---------- Data records ----------

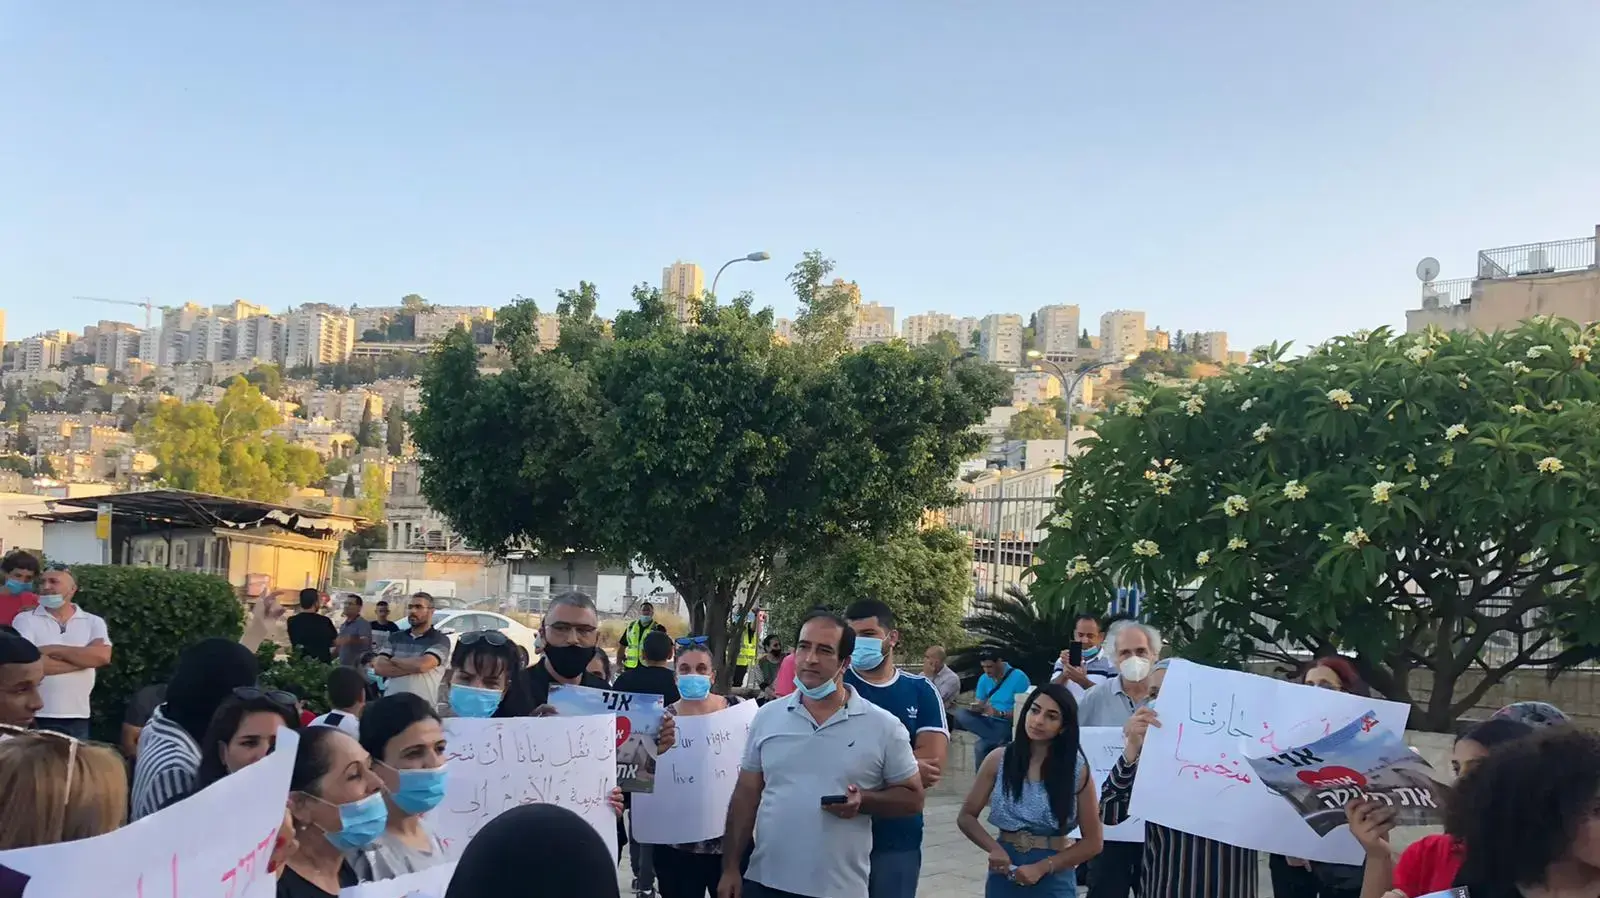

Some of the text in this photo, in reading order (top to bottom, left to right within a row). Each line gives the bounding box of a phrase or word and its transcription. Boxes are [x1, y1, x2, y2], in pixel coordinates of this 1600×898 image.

[602, 691, 633, 711] אני
[705, 729, 731, 755] right
[1267, 747, 1324, 768] אני
[672, 763, 694, 785] live
[1391, 787, 1437, 809] את

----------

== What is expected ==
Print the data above in full and exactly as it appears, skipping the pictures.

== Exercise output ==
Some of the text in this photo, in reading order (top to bottom, left to right within a row). Each line gives the bounding box of a phrase or word and its transcription. Boxes are [x1, y1, x2, y2], in pixel coordinates of this 1600×898 image.

[602, 691, 633, 711] אני
[705, 729, 731, 755] right
[1267, 747, 1324, 768] אני
[672, 763, 694, 785] live
[1391, 787, 1437, 809] את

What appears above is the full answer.